E, para deixar tudo ainda mais especial — dura pouco. Uma semana. E isso, nos melhores anos. Com as mudanças climáticas dura cada vez menos, ou fica quase impossível prever o início e o fim.
Bom, ontem eu estava na agência. Sol lá fora. Na tela do computador, notícias de um mundo acuado, sofrendo e tentando encontrar o chão. Aqui no Japão as coisas têm sido relativamente mais simples do que no resto do mundo. Com números menores. Com menos dor. Mas mesmo assim, algo pairava no ar. Eu tinha a leve (ou pesada) sensação de que eu não deveria permanecer sentado. Afinal, bem ao lado da agência tem um rio. O rio Meguro. E quando esse rio chega no bairro de Nakameguro — é onde as cerejeiras mais lindas explodem. Dez, quinze minutos da agência – andando.
Vi mais notícias do mundo, e olhei pela janela mais uma vez o sol. Fechei o computador. Coloquei a mochila nas costas. Eram quatro da tarde. As reuniões já não são como antes desde que o mundo parou.

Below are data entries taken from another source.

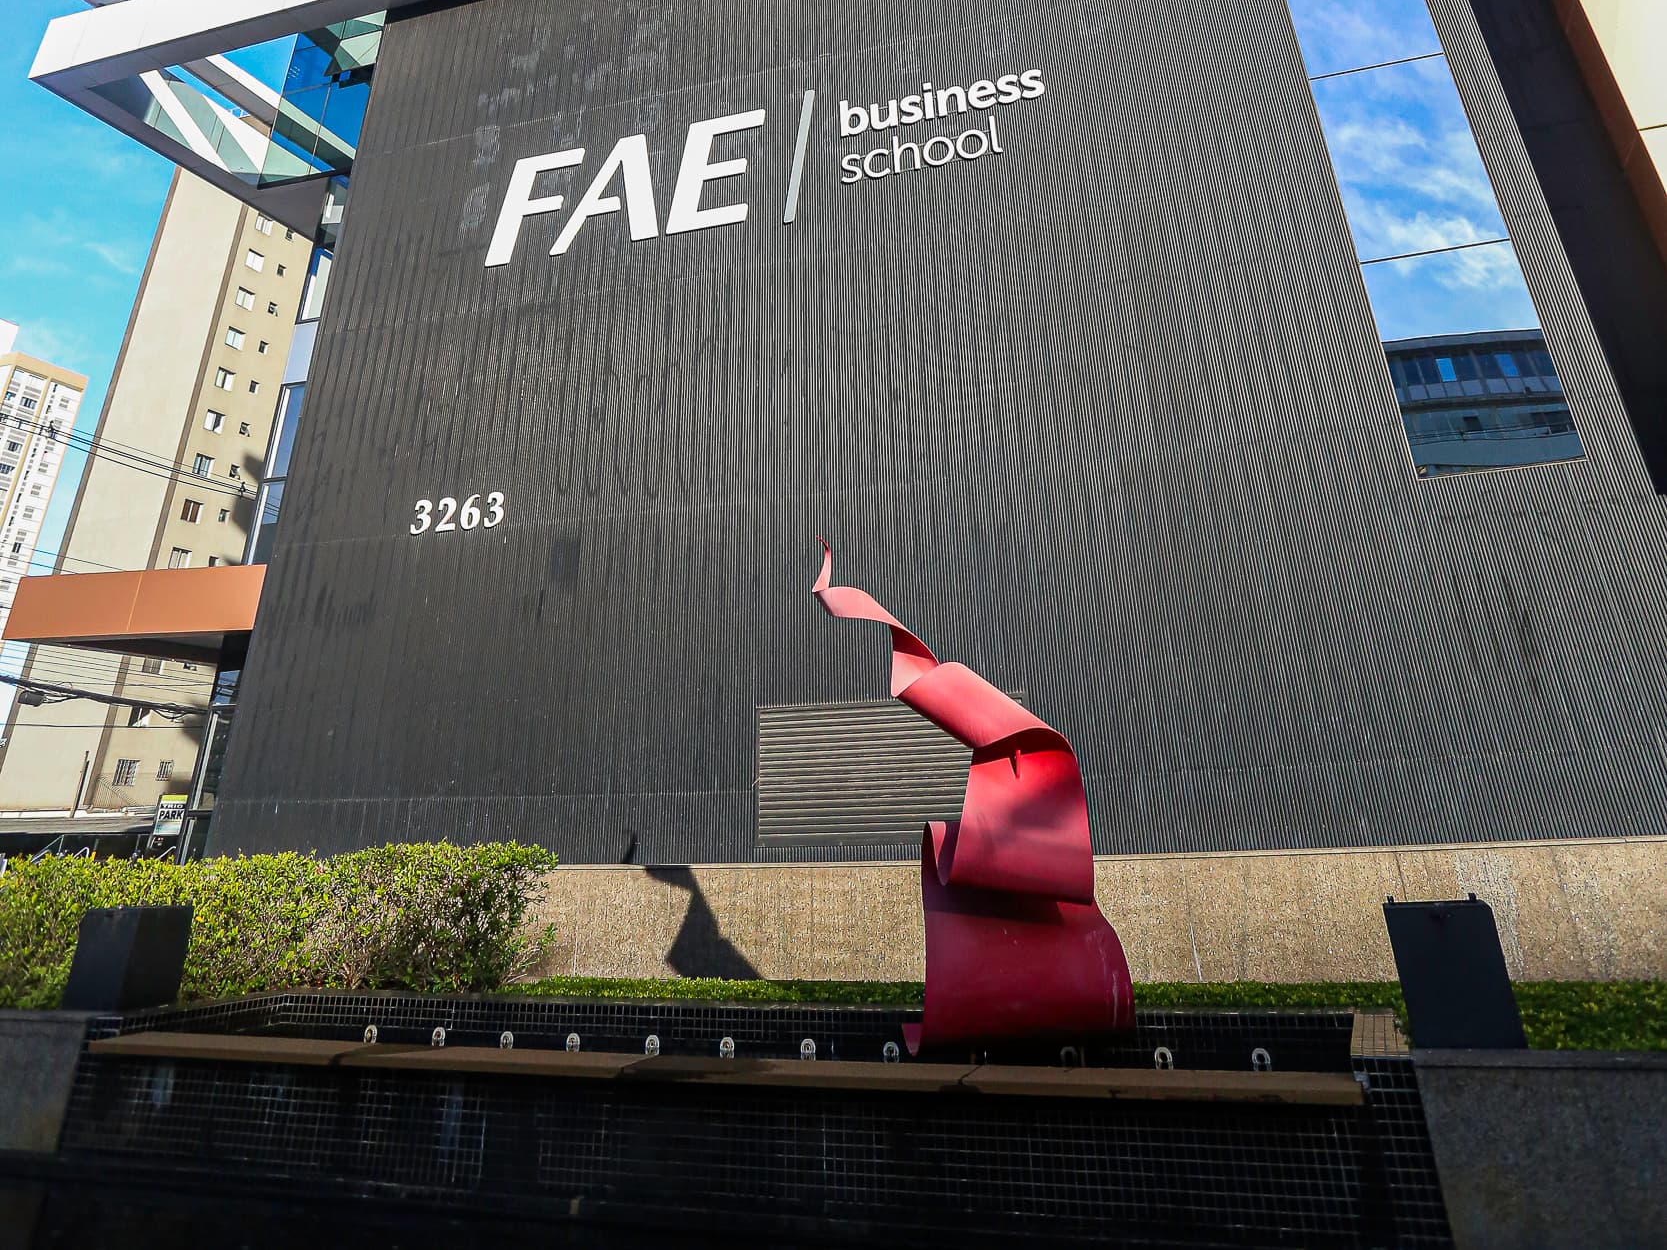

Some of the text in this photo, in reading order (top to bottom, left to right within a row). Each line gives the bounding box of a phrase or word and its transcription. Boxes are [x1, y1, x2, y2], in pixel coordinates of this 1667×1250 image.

[839, 68, 1046, 137] business
[840, 115, 1004, 184] school
[484, 108, 766, 268] FAE
[410, 491, 505, 535] 3263
[159, 810, 184, 820] PARK

Então quatro da tarde me fui. Atrás das cerejeiras.
Foto, foto, foto, cerveja comprada em um quiosque. Mais foto, mais foto. Até que encontrei um ponto perfeito. O sol estava quase, quase se indo de vez. Comprei mais uma cerveja e fiquei ali olhando aquilo tudo. Sol, rio, cerejeira, as pessoas diminuindo os passos, fotos. Fiquei ali quase uma hora. Talvez mais. Bobo e feliz de ter tomado a decisão de sair cedo e fechar o computador.
Quando já estava escuro, me levantei, ainda comprei uma terceira lata de cerveja e fui caminhando para casa. Até que, no meio do caminho, meu telemóvel vibra. Uma, duas vezes, três, seis. Pesquei o aparelho para ver o que se passava.
“Erick, a governadora de Tóquio acaba de dizer na TV em horário nobre que recomenda fortemente que as pessoas fiquem em casa pelos próximos dias.” “Erick, amanhã todos devem ficar em casa!” E variações da mesma.
Algo acabara de mudar no ar. Pela primeira vez desde o princípio de tudo, ficar em casa foi fortemente recomendado. Museus e parques já estavam fechados. Escolas também. Reuniões são feitas remotamente. Aeroportos com restrições. Mas nunca houve uma recomendação tão forte. Isso foi ontem, 25 de março.
Gosto de acreditar que as cerejeiras (pela primeira vez esse ano) que vi ontem antes do meu telemóvel tremer têm um significado maior do que as de outros anos. Como dizem tão bem em inglês – as cerejeiras nos ensinam a ‘take nothing for granted’. Em português claro: nada é garantido, certo, dado. As cerejeiras para mim nesses tempos têm um significado enorme. Aproveitar, valorizar e abraçar as pequenas grandes coisas. Não deixar para depois. Não deixar para amanhã.
Coisas são finitas. O tempo corre. E tudo é imprevisível.
Ontem fui ao rio ver as cerejeiras. E ao voltar para casa, voltei com a certeza de que se tem uma lição que as cerejeiras me ensinam e ensinaram ontem é—a vida é incrível, linda, mas completamente imprevisível. E temos que aproveitar e celebrar ela hoje, ainda mais do que ontem. E que ano que vem. Quando elas voltarem, que eu volte. Que todos voltem. Que você que está lendo agora, venha.
Mas dessa vez, sem hora marcada para voltar para casa.”